_WHAT TO WORK ON_
All of the data, except its images, should be set down exactly as it appears.

(Annotated photo localization data)
Segment Open

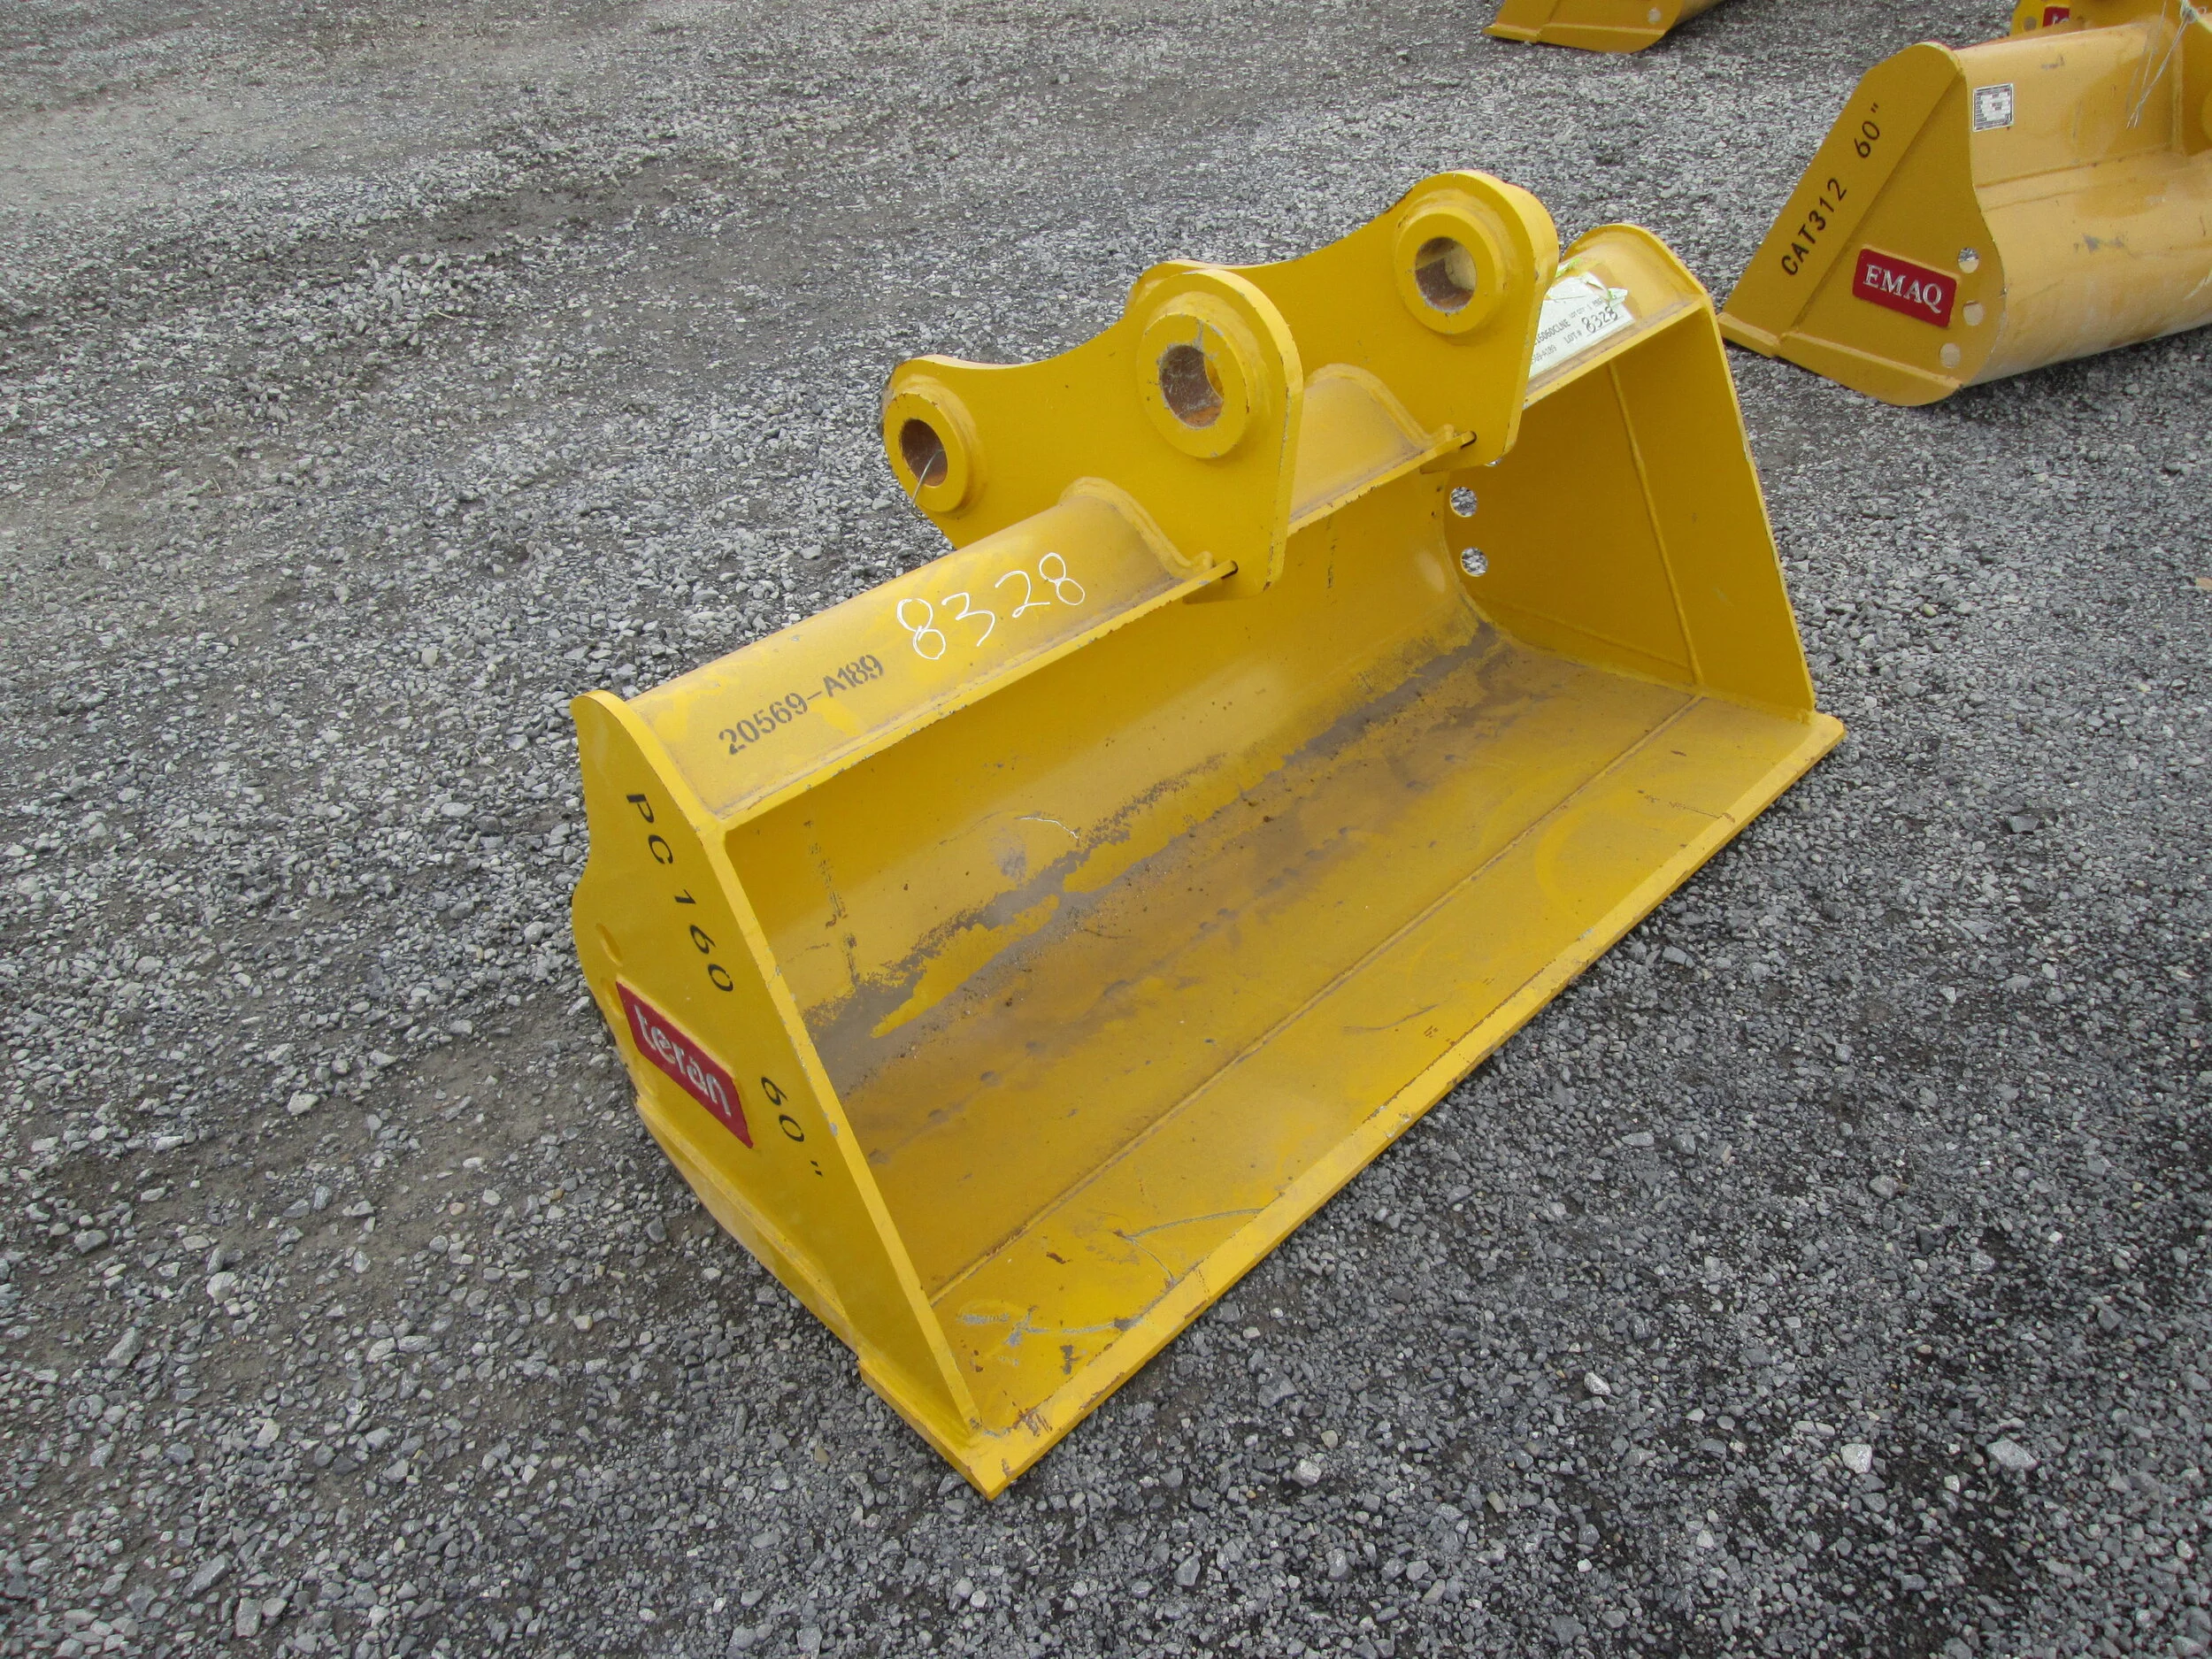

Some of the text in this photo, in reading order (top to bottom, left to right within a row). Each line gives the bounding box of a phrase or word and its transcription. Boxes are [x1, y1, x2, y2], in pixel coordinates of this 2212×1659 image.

[1781, 178, 1847, 276] CAT312
[1581, 306, 1618, 334] 8328
[1863, 264, 1942, 314] EMAQ
[896, 552, 1086, 659] 8328
[718, 653, 884, 755] 20569-A189
[633, 1003, 732, 1118] teran

Segment Closed

_EXERCISE OUTPUT_
Some of the text in this photo, in reading order (top to bottom, left to right within a row). Each line gives the bounding box of a phrase or word and its transcription. Boxes are [x1, y1, x2, y2], in pixel coordinates of this 2212×1659 image.

[1781, 178, 1847, 276] CAT312
[1581, 306, 1618, 334] 8328
[1863, 264, 1942, 314] EMAQ
[896, 552, 1086, 659] 8328
[718, 653, 884, 755] 20569-A189
[633, 1003, 732, 1118] teran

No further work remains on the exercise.